Indes kann man festhalten, dass die Alliierten eine Strategie des Schreckens- als Demoralisierungsbombardements gegen die Bevölkerung betrieben, indem man diese als Träger der Arbeits- und Kampfmoral interpretierte, die zu brechen war. Julius Posener, der als Ingenieur der British Army nach Deutschland gekommen war, schrieb von seinen Eindrücken in Köln und im Ruhrgebiet 1945 nach Palästina: »Die Wohnungen der Arbeiter sind zerstört, die Vororte stehen im allgemeinen, und einige Villen sind noch von ihren alten Bewohnern belegt ... Nie habe ich eine Zerstörung gesehen, die mit so großem Recht den Namen tragen könnte: Krieg den Hütten, Friede den Palästen. Man ist versucht, dahinter eine Absicht zu sehen.« Die Absicht war zunächst Demoralisierung, Panik und Aufstand. Das hatte die britische Führung bei deutschen Angriffen für die eigenen Arbeiter, und das hatte die deutsche Führung ebenfalls für die eigene Bevölkerung erwartet. Beides blieb aus. Das war allerspätestens mit dem Feuersturm von Hamburg nicht mehr zu übersehen. So wenig man sich gegen die eigene Führung empörte, so wenig schrie man insgesamt in der Bevölkerung nach Rache und Vergeltung, wie die zahlreichen Zeugnisse aus der Zeit belegen. Nicht einmal den offiziellen Propagandabegriff der Terrorflieger oder Luftgangster nahm man in den Mund.
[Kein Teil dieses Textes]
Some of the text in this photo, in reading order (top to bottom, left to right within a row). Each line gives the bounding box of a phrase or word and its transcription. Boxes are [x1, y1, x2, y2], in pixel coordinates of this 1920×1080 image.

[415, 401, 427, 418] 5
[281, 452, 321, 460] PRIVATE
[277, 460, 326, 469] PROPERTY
Das Ausmaß der Zerstörung war unvorstellbar - Lord Solly Zuckerman, ein Gegenspieler von Bomber-Harris, dem an den Kolonien geschulten Fanatiker des Flächenbombardements, resignierte im Angesicht von Köln und Berlin vor der Aufgabe, eine Naturgeschichte der Zerstörung zu schreiben. Dennoch ging auch da das Leben in den Trümmern weiter. Und zwar so weiter, dass der Krieg von deutscher Seite aus mit äußerster Anstrengung weitergeführt werden konnte. Die Demoralisierung fand nicht statt, bis zuletzt nicht. Dass die Menschen erst zu der Volksgemeinschaft gebombt worden seien, die sie vorher nur der Propaganda nach waren, hört sich als Pointe gut an, dürfte aber so nicht stimmen. Vielmehr war es die Reduktion aufs Elementare und Instinktive, der schiere Überlebensreflex, aus dem heraus man nicht aufgab, zumal man ohnehin schon alles verloren hatte, was einen zivilisierten, gar kultivierten Menschen ausmachte.
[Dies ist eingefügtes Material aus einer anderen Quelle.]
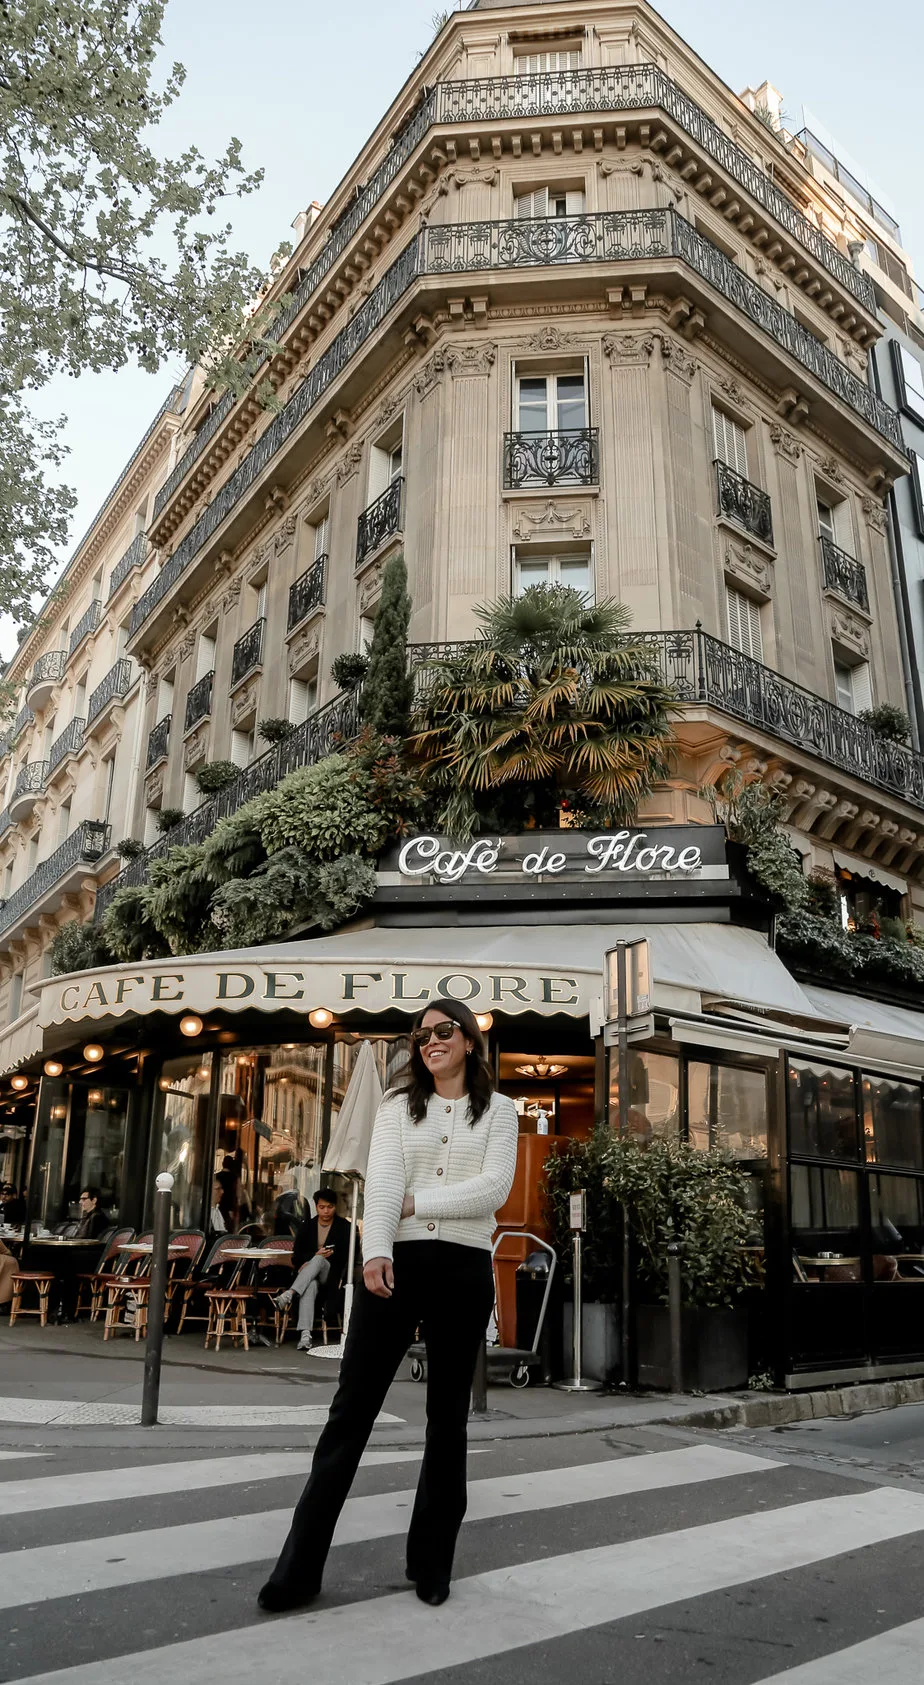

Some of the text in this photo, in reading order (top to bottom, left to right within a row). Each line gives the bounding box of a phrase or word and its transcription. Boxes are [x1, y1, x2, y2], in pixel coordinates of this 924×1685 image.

Es war auf beiden Seiten klar, dass aus der Luft allein der Krieg nicht würde entschieden werden. Zum »Feuer«, wie es damals hieß, musste die »Bewegung« kommen, sprich: die Invasion. Sie kam. Selbst wenn man unterstellte, was angesichts der Vorgehensweise und Ziele schwer fällt, dass das Bombardement aus der Luft unmittelbar der Unterstützung der Invasion diente, dann wurde der Krieg eben durch diese Invasion und nichts anderes zu seinem Ende gebracht.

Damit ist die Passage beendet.